Have you ever read a book and found typos? I know I have, and they tend to throw off my reading. I know that we’re all human, and it’s impossible to catch every typo, but give it your best. This definitely applies if you plan to self-publish. And if that’s something you plan to do, I would highly suggest you hire a professional editor to go over your work. The last thing you want to do is publish something that isn’t ready.

As for the rules of writing…they can change.

Years ago, (back in the days of typewriters), the rule for spaces after a period, was two spaces. Somewhere along the line, that changed. The rule is now, one space. This may seem trivial, but it makes a difference. It took me a while to get used to not hitting the space bar twice at the end of a sentence, but have now almost mastered it. I occasionally slip!

Which brings up something else. The word, (or words), awhile. I read a very good article about how to know when to use awhile, or a while. I’ve been using this little trick ever since: It will almost always be two words, unless you can replace the words in your sentence with “for a short time.”

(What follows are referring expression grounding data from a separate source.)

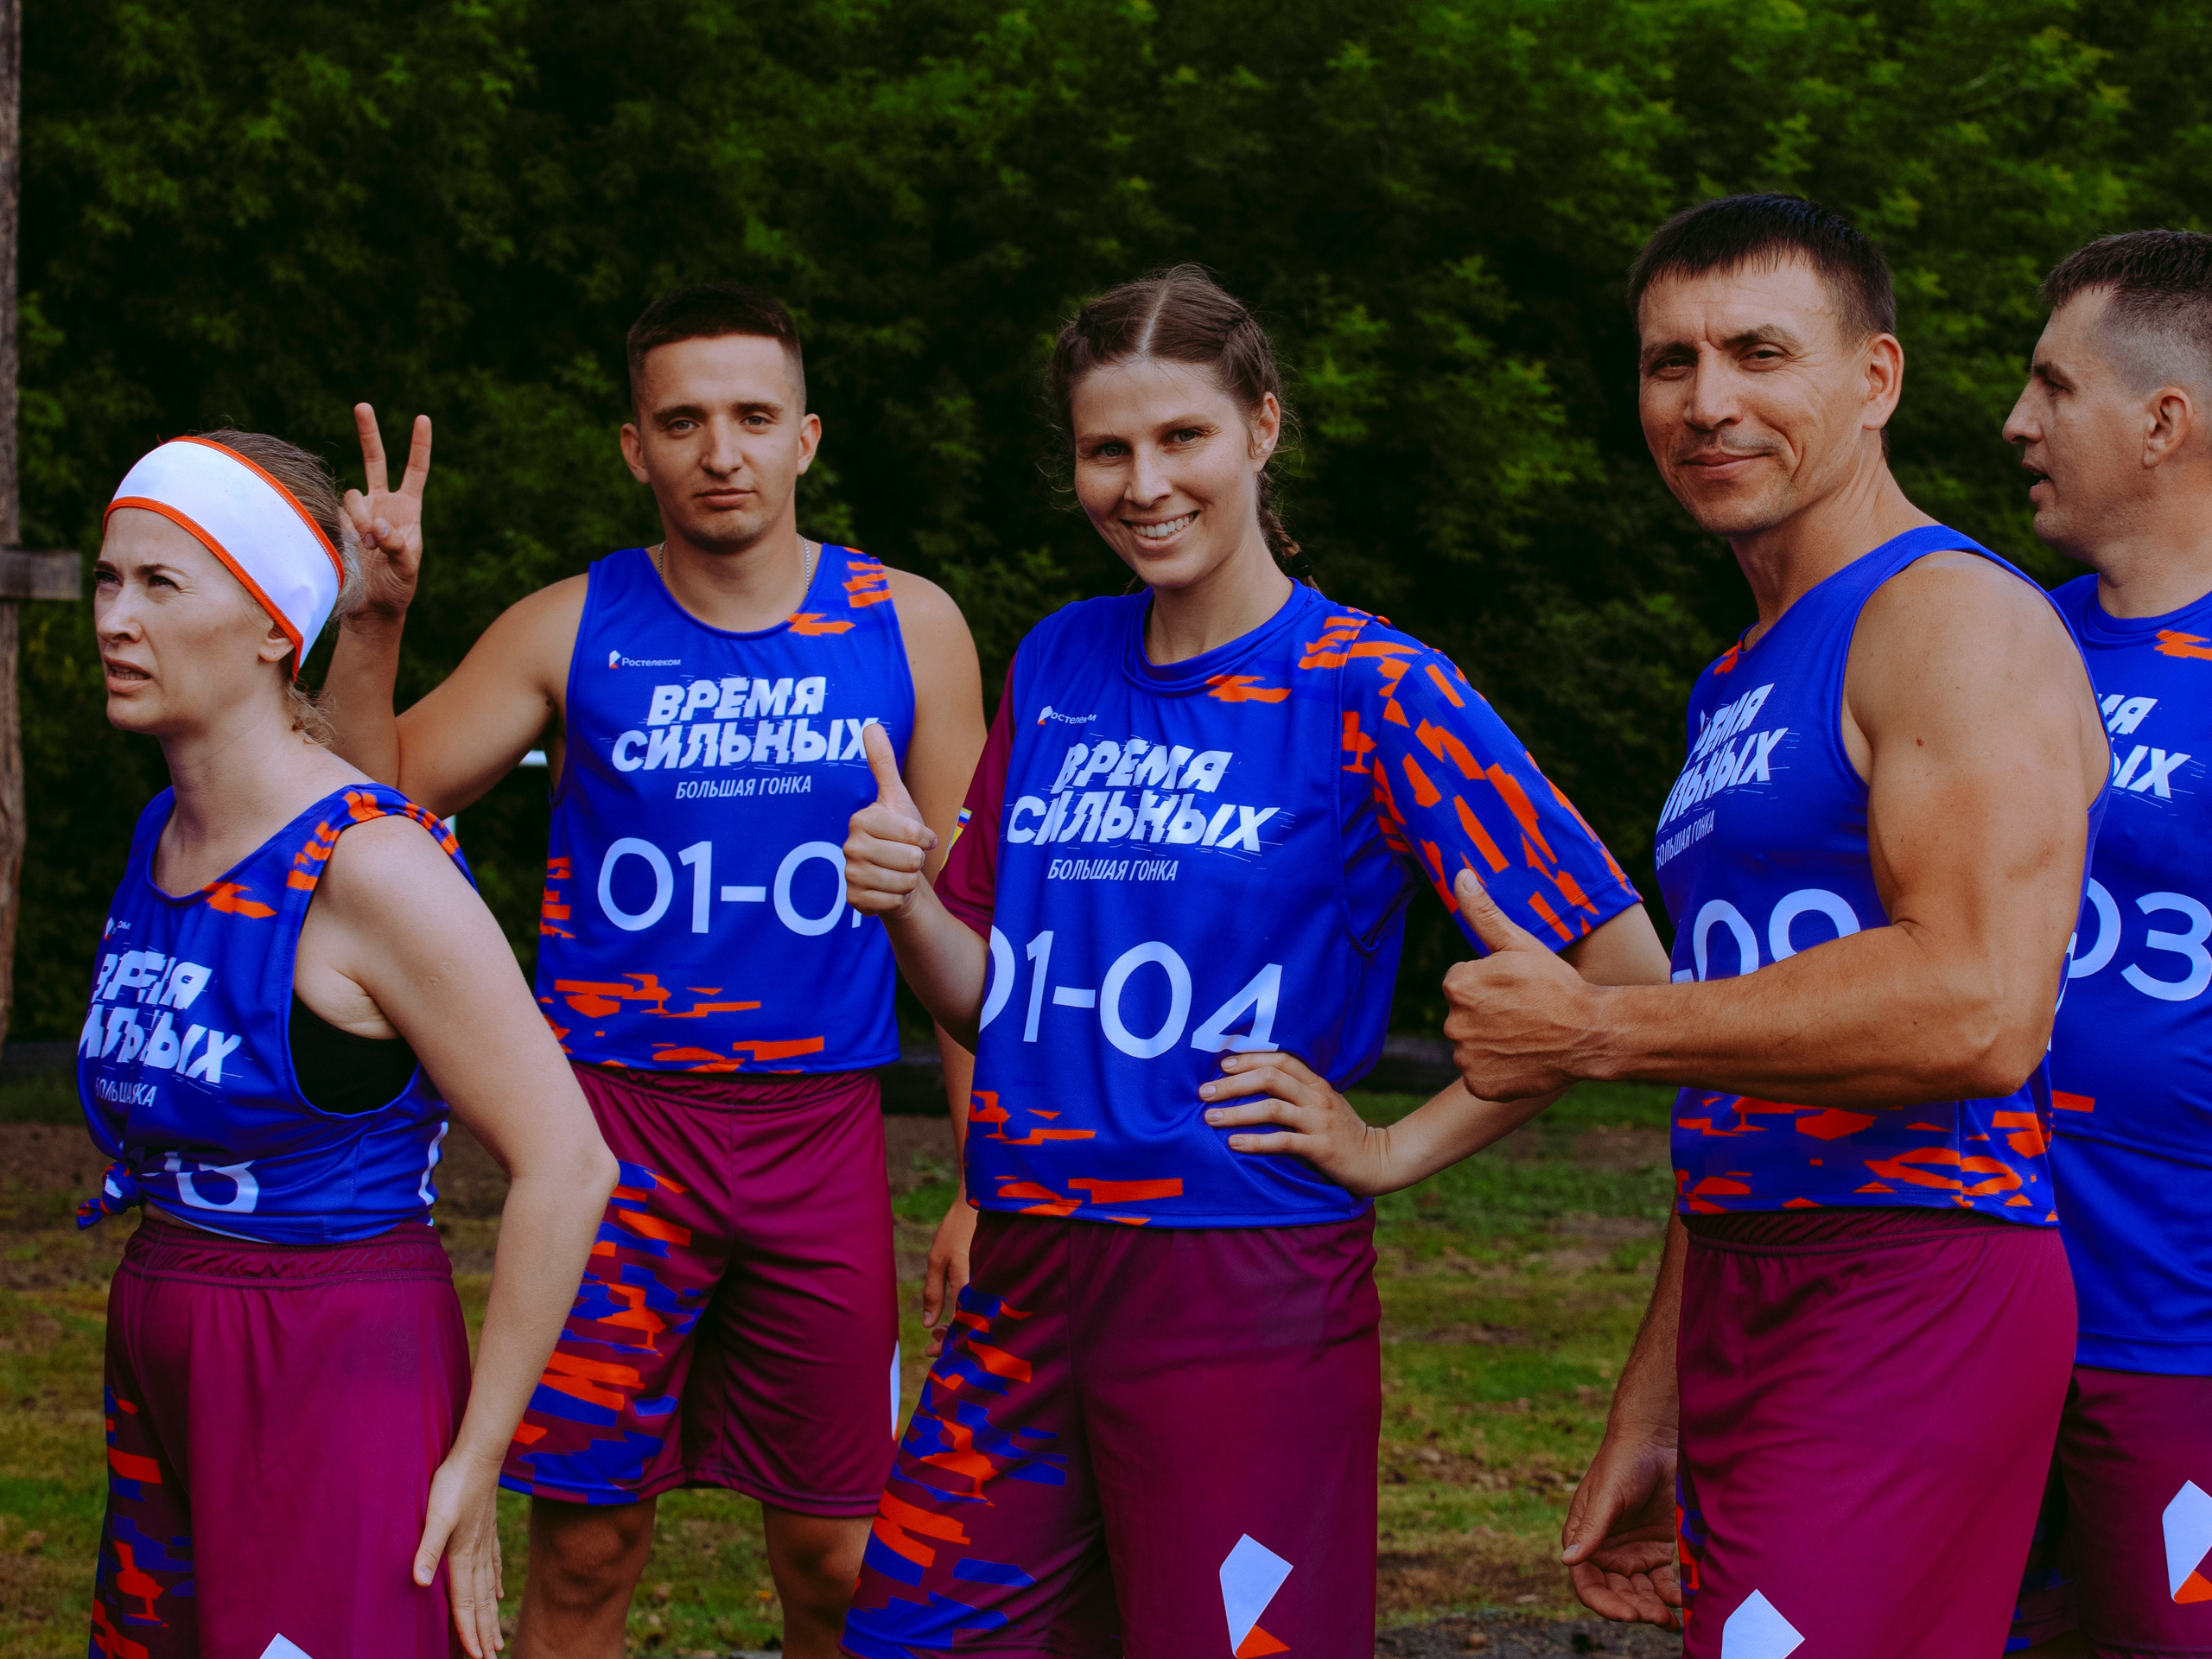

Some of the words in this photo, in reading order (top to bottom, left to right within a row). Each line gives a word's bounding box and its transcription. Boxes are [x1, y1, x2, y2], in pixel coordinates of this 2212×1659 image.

[622, 657, 681, 667] Ростелеком
[647, 677, 827, 727] ВРЕМЯ
[611, 717, 879, 772] СИЛЬНЫХ
[1051, 739, 1233, 794] ВРЕМЯ
[676, 778, 754, 799] БОЛЬШАЯ
[758, 775, 812, 796] ГОНКА
[1656, 824, 1692, 871] БОЛЬШАЯ
[1691, 810, 1715, 845] ГОНКА
[597, 836, 863, 937] 01-0
[1047, 859, 1128, 880] БОЛЬШАЯ
[1128, 860, 1179, 881] ГОНКА

So, if I were to write: I’m going out for a while, it would be two words, because it wouldn’t make sense to say: I’m going out for for a short time.  However, if you wanted to write: I’m going out awhile, (leaving out “for”), then it would work.  If you replace awhile  in this sentence with, for a short time, then it would read: I’m going out for a short time.  I hope that makes sense!!

I use Word 2010 for all of my writing, and I drive it crazy! I write dialog to fit my characters, and most of them do not speak proper English. So the automated “grammar and spell check” freaks out. I laughed the first time I saw the message, “this document contains too many grammatical/spelling errors to display.” I don’t think those are the exact words, but close.

If you have any fun little rules of writing that you would like to share, please do. I find that I’m constantly learning new things and would love your input.

No matter, what…keep on writing. The more you write, the better you will get.

WRITE ON!!!

I think I'll lay down awhile, or maybe sleep for a while.

I think I’ll lay down awhile, or maybe sleep for a while.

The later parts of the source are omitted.